=== Begin Enclosure ===

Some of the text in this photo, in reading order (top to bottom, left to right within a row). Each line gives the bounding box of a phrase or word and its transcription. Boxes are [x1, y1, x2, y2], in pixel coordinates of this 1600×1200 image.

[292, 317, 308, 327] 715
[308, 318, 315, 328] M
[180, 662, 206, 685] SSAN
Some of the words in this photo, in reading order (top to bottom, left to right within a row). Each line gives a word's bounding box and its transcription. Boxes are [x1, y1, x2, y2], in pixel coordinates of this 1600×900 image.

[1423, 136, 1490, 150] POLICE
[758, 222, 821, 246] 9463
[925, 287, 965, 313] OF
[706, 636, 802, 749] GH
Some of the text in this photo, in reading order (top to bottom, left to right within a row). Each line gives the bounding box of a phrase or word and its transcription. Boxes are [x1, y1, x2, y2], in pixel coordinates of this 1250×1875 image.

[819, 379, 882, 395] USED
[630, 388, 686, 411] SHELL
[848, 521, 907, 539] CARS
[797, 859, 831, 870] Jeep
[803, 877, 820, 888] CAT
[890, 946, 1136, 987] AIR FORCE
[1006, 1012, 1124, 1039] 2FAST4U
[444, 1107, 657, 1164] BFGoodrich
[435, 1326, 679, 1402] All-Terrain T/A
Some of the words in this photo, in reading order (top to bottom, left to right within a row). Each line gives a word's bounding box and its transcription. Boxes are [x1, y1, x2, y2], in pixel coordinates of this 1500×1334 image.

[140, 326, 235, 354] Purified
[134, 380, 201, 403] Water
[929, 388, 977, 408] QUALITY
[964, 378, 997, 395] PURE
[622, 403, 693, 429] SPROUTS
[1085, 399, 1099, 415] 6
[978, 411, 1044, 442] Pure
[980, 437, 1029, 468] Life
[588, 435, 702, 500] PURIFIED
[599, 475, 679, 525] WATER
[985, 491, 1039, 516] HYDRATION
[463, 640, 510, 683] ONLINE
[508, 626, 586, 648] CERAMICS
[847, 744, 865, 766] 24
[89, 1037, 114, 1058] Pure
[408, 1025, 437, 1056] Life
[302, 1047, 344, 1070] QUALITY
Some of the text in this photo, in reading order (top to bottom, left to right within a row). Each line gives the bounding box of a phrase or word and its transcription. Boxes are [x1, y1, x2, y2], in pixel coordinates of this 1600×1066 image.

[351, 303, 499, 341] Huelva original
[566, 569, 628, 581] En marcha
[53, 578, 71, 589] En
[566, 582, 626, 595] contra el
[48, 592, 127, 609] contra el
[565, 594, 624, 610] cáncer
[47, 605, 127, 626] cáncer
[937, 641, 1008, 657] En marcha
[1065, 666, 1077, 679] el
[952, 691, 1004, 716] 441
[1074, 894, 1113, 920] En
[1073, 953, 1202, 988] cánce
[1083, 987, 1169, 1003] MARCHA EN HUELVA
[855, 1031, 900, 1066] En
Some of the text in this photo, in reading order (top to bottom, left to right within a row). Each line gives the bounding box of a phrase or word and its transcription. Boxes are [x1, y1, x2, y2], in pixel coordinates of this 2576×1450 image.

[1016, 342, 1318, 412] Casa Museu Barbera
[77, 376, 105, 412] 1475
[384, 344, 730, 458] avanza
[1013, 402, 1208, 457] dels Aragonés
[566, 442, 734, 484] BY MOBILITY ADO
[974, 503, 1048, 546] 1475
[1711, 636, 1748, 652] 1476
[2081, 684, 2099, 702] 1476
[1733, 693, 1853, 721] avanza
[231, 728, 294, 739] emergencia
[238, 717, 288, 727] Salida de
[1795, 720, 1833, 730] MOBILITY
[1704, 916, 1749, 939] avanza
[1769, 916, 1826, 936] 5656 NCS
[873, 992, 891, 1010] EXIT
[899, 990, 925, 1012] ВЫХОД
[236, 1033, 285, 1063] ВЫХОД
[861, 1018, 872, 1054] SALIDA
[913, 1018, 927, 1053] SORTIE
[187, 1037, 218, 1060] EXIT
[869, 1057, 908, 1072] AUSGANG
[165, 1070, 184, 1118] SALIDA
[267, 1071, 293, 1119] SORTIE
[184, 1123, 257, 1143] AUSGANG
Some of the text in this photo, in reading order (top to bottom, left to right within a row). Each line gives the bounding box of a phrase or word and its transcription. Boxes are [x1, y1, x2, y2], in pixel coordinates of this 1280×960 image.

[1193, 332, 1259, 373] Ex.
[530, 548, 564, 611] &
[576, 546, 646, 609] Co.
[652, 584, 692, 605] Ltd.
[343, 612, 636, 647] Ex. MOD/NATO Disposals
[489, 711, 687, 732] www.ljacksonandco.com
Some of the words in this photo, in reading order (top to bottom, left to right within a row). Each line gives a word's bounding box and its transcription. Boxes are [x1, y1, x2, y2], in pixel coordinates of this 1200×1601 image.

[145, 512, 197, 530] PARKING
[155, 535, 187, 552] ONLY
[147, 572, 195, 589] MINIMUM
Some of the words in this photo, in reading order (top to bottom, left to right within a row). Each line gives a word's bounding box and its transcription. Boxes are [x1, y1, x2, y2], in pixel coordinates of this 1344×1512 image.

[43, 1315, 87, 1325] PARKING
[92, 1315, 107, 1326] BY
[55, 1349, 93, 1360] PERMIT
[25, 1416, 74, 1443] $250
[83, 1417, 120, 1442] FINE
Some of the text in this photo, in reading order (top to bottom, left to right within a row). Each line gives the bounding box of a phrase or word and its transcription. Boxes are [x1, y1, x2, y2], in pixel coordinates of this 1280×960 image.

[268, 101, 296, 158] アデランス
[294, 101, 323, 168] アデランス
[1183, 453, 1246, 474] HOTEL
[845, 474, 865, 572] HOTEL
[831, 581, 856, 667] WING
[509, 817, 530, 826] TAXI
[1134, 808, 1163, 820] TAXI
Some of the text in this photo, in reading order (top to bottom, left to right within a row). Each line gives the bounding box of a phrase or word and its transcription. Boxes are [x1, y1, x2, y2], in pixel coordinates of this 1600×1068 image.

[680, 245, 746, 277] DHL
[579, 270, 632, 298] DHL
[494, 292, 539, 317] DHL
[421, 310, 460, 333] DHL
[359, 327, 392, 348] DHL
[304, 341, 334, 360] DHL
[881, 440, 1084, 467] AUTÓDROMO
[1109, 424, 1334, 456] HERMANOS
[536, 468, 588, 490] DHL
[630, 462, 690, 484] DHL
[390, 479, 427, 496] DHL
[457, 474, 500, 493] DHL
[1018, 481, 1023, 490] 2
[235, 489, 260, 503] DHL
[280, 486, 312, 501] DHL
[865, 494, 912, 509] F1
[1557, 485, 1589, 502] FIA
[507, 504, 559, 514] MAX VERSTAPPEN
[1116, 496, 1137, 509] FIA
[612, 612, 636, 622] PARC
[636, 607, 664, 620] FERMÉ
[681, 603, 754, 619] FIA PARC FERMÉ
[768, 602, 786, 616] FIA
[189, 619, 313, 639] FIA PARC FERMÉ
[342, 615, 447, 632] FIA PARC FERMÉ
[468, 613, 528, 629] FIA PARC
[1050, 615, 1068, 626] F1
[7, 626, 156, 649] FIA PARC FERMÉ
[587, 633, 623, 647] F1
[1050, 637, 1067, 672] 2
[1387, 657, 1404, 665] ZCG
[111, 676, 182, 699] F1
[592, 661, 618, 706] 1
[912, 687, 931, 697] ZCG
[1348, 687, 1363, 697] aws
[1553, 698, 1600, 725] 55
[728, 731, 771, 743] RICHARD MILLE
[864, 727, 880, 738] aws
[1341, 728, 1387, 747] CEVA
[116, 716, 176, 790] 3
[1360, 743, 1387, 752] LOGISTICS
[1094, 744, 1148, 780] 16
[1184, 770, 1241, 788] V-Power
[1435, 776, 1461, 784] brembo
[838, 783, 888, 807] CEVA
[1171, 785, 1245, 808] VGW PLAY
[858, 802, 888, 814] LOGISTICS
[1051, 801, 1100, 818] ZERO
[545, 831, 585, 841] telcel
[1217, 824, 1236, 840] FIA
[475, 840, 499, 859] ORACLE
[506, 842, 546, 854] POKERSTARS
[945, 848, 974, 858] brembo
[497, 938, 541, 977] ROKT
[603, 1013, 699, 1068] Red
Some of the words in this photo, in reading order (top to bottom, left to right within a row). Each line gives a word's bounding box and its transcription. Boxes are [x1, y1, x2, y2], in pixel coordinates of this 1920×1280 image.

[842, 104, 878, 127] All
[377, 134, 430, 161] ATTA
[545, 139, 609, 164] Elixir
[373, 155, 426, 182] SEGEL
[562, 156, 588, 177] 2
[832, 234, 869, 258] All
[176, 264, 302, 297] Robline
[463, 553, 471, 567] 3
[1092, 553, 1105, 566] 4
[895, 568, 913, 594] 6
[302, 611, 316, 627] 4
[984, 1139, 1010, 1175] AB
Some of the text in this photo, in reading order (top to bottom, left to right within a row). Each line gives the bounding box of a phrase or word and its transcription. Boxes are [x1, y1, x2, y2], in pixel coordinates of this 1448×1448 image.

=== End Enclosure ===

■ Work to be completed ■
Give back exactly the lines from the one with "this 1920×1280 image." through the final line of the material, both ends included, and no others.

■ Written response ■
Some of the words in this photo, in reading order (top to bottom, left to right within a row). Each line gives a word's bounding box and its transcription. Boxes are [x1, y1, x2, y2], in pixel coordinates of this 1920×1280 image.

[842, 104, 878, 127] All
[377, 134, 430, 161] ATTA
[545, 139, 609, 164] Elixir
[373, 155, 426, 182] SEGEL
[562, 156, 588, 177] 2
[832, 234, 869, 258] All
[176, 264, 302, 297] Robline
[463, 553, 471, 567] 3
[1092, 553, 1105, 566] 4
[895, 568, 913, 594] 6
[302, 611, 316, 627] 4
[984, 1139, 1010, 1175] AB
Some of the text in this photo, in reading order (top to bottom, left to right within a row). Each line gives the bounding box of a phrase or word and its transcription. Boxes are [x1, y1, x2, y2], in pixel coordinates of this 1448×1448 image.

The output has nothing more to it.